Our intrepid Prime Minister, though, ignored another list on the same day. On the 30 September, Malta hit the top spot of Covid-19 deaths in Europe. But these deaths can be ignored by Abela because after all, the elderly victims all had “underlying conditions”. This is the new Labour mantra.

The two lists are connected, Prime Minister.

For the “underlying condition” of the Covid deaths is bad governance. Bad governance is not only centralised around corruption for according to a widely-accepted definition by the World Bank, bad governance also includes lack of transparency and accountability, arbitrary policy making and the cheating of those who are governed.

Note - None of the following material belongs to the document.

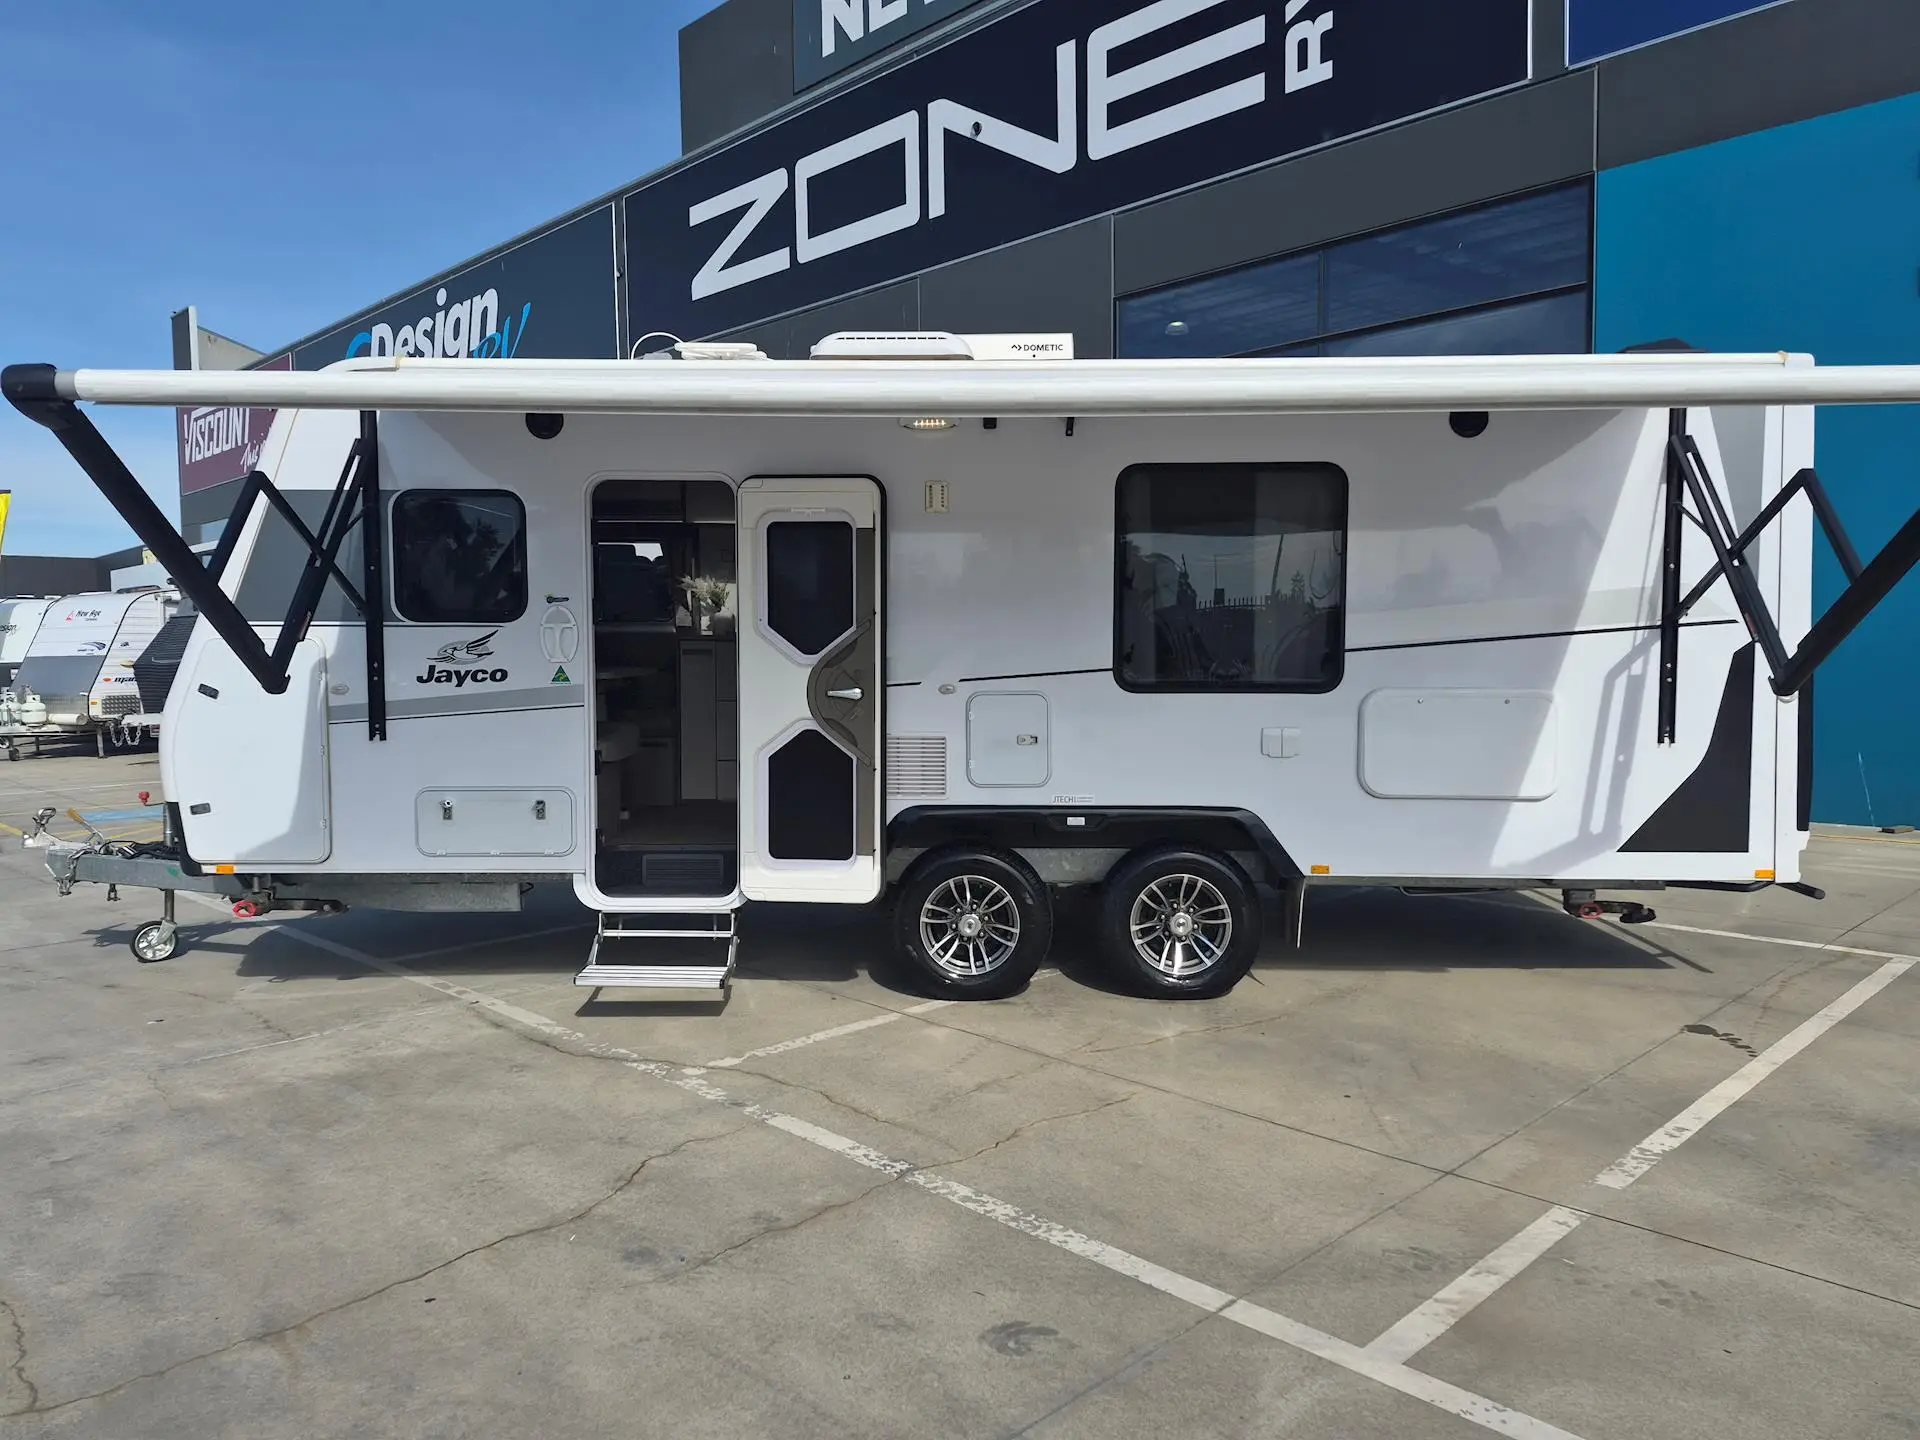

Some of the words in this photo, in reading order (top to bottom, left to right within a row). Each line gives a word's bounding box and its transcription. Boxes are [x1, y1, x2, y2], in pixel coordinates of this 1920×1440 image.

There are no two ways about it. Robert Abela has bungled his own government’s Covid-19 strategy by looking at short-term economic gains to the detriment of our nation’s health. At the end of August, he boasted that “Our Coronavirus Numbers Show That Our Strategy Works” attributing the rise of infections to increased testing conveniently forgetting that his government caved to the pressure of big business lobbies and installed faulty ‘mechanisms’ courtesy of his Minister of Tourism Julia Farrugia Portelli. The MHRA chief, Tony Zahra, God bless his silk socks, is now pushing for ‘free flights’ to boost his line of work. 

This tone-deaf announcement was made on the, wait for it, the same date that Malta registered the highest Covid-19 deaths in Europe because in his words “our strategy is to try and make Malta be perceived as a safe destination.”

Right.

We still have to see whether his willing poodles Abela and Farrugia Portelli will, once again, give him what he is asking for. What are the odds that they are seriously thinking about it?

The elderly are not the only victims of the government’s mishandling of the pandemic. Pupils and students, especially those in state schools, have borne the brunt of the hapless and hopeless Minister for Education, Owen Bonnici’s mismanagement of his portfolio. By using the prime minister’s daughter’s first day of school (an independent one, mind), the government is painting a pretty picture that all is well, that our children’s education is in a safe pair of hands. But the opposite is the case. But then the Honourable Minister is used to violating fundamental human rights with aplomb.

On balance, it’s been a good couple of days for Robert Abela’s government. It takes quite a good dose of bad leadership to top two lists on the same date.

L-aqwa żmien indeed. Proset [sic], Prim!